* _WHAT IS EXPECTED_
Repeat nothing but the line containing "this 2212×1659 image." and the lines that follow it, up to and including the last line of the data below.

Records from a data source
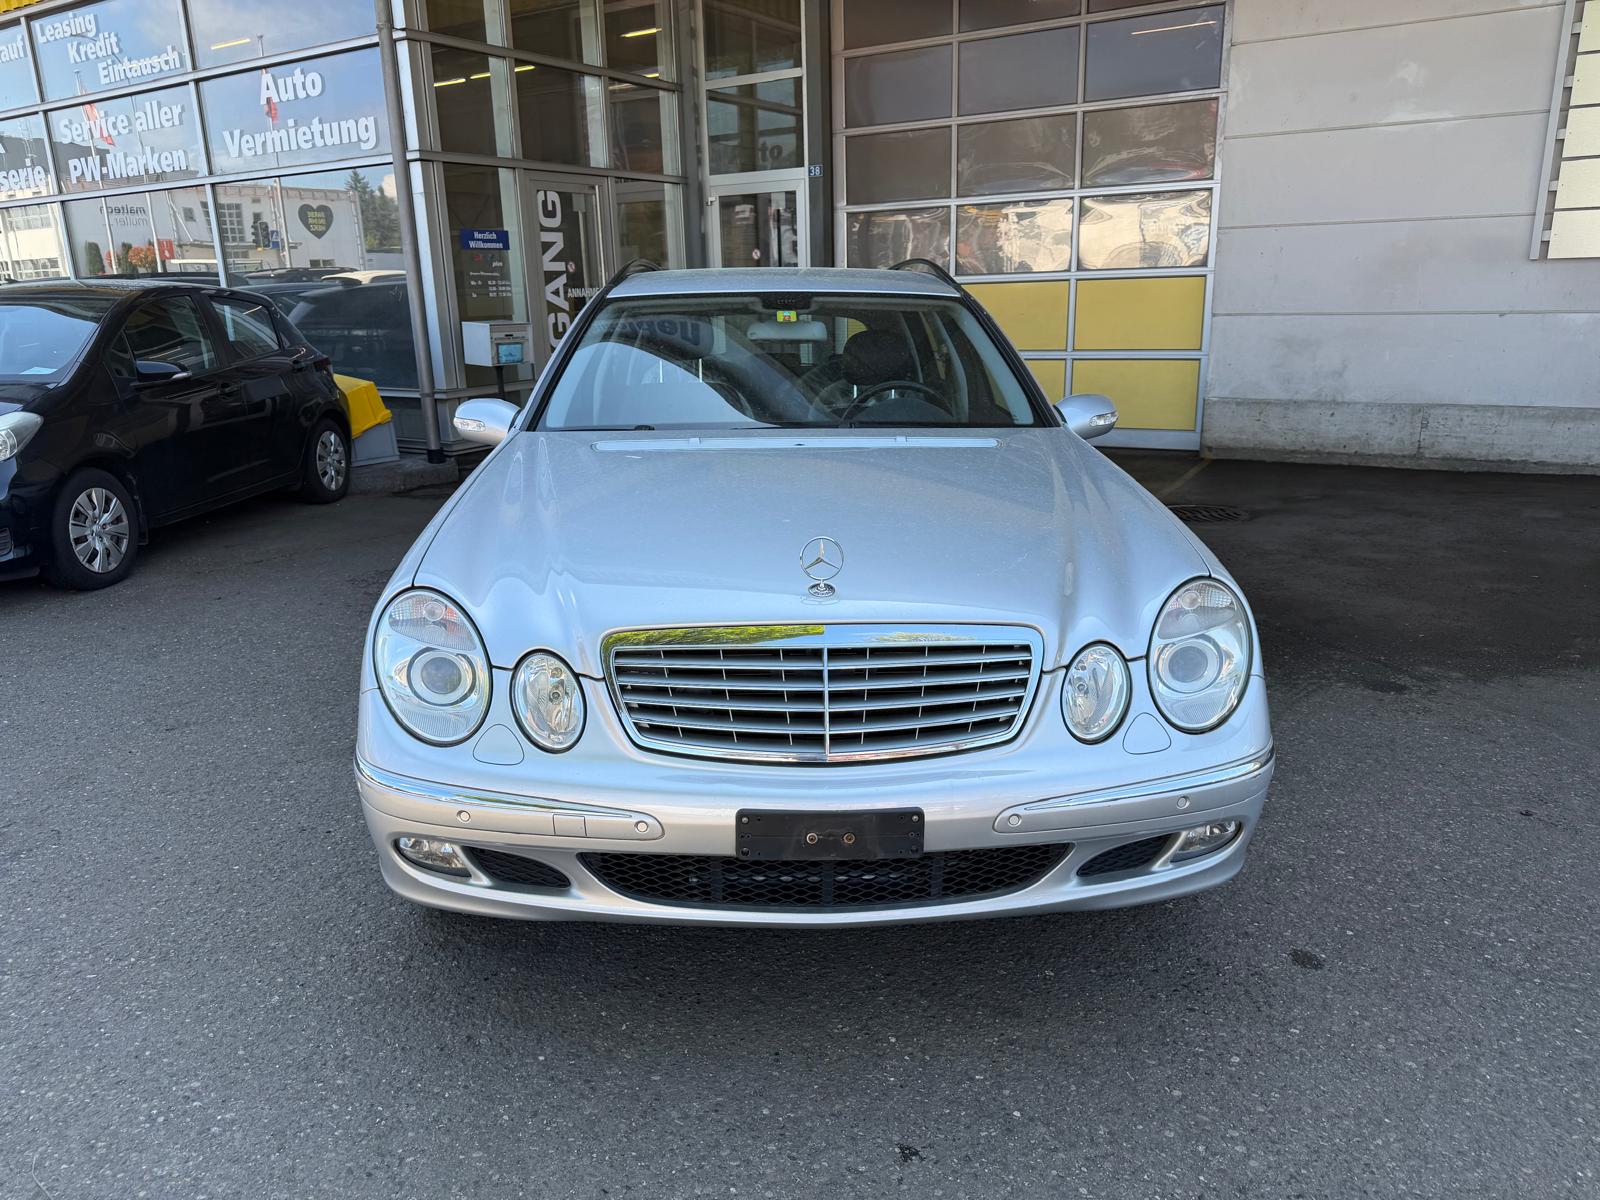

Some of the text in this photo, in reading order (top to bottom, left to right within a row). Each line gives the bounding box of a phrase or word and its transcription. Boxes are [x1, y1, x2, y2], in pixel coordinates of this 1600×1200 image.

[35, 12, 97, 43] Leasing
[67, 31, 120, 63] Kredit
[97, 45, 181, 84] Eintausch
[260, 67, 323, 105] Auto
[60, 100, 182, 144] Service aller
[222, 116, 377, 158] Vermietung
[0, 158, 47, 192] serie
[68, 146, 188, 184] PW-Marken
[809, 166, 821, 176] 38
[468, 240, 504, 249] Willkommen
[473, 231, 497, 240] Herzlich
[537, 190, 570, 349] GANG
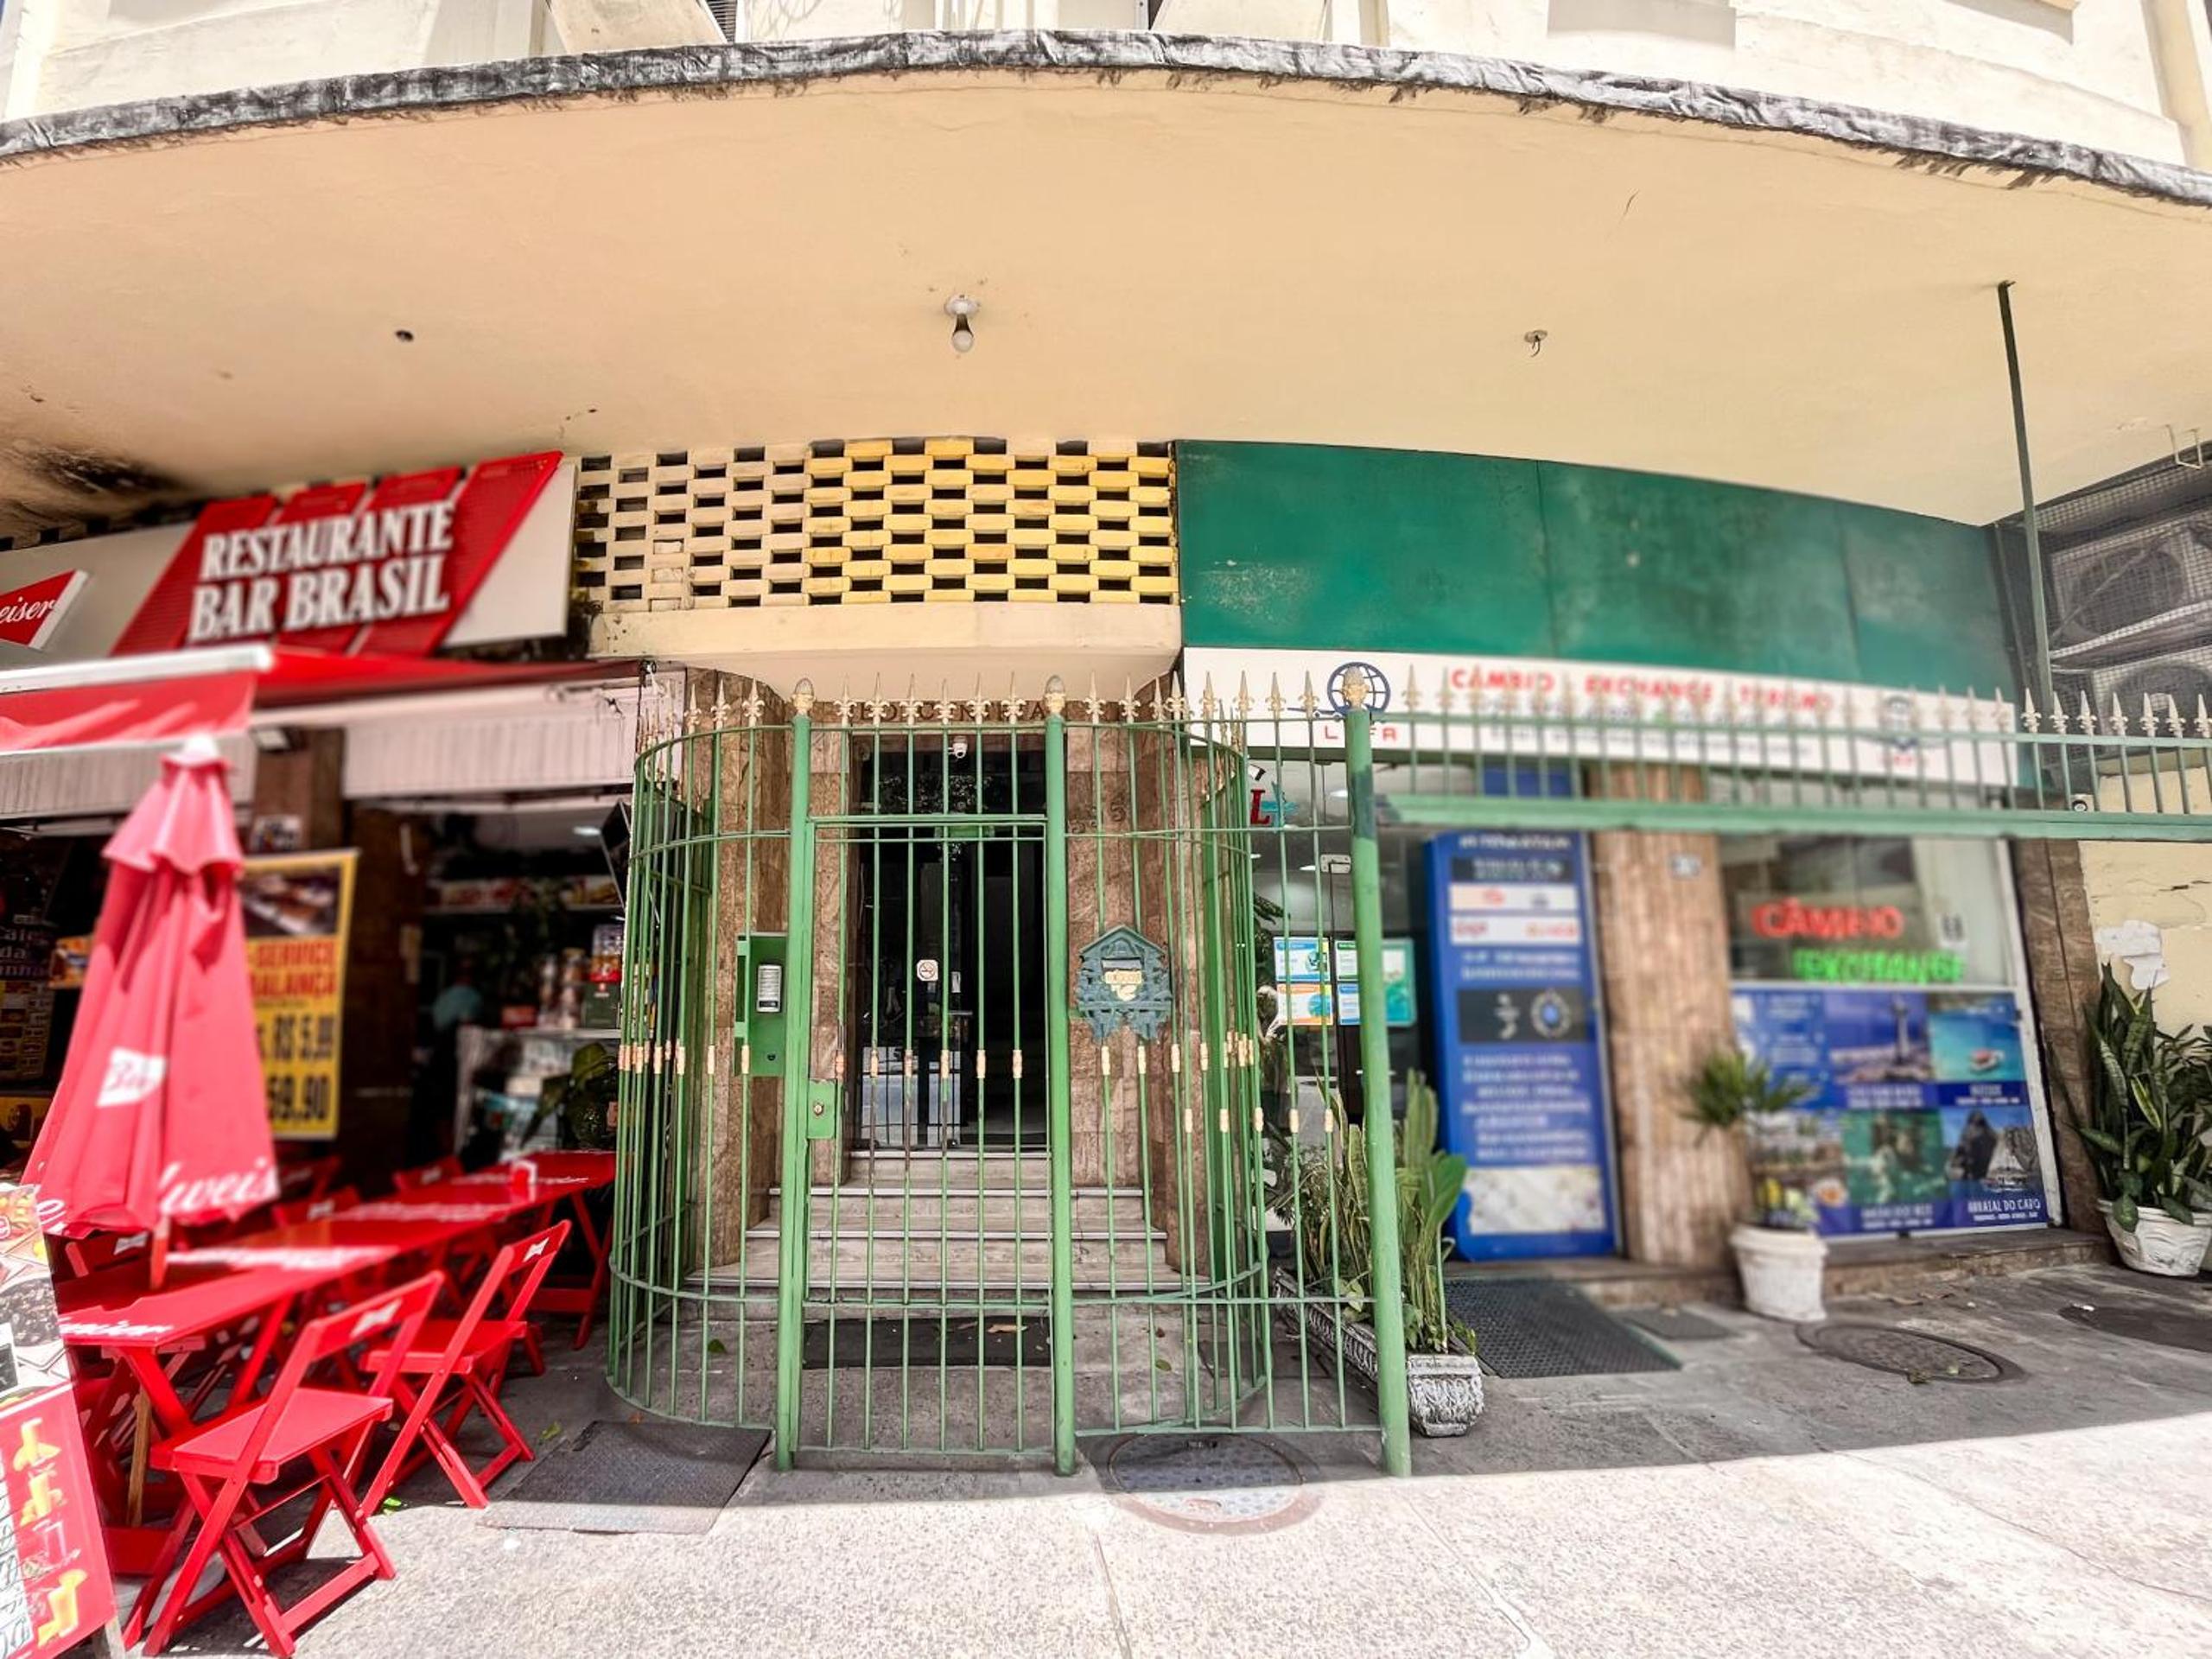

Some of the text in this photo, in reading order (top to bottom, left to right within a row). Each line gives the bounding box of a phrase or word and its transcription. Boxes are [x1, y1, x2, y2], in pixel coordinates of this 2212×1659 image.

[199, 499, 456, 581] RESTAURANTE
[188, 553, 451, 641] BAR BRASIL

* _EXERCISE OUTPUT_
Some of the text in this photo, in reading order (top to bottom, left to right within a row). Each line gives the bounding box of a phrase or word and its transcription. Boxes are [x1, y1, x2, y2], in pixel coordinates of this 2212×1659 image.

[199, 499, 456, 581] RESTAURANTE
[188, 553, 451, 641] BAR BRASIL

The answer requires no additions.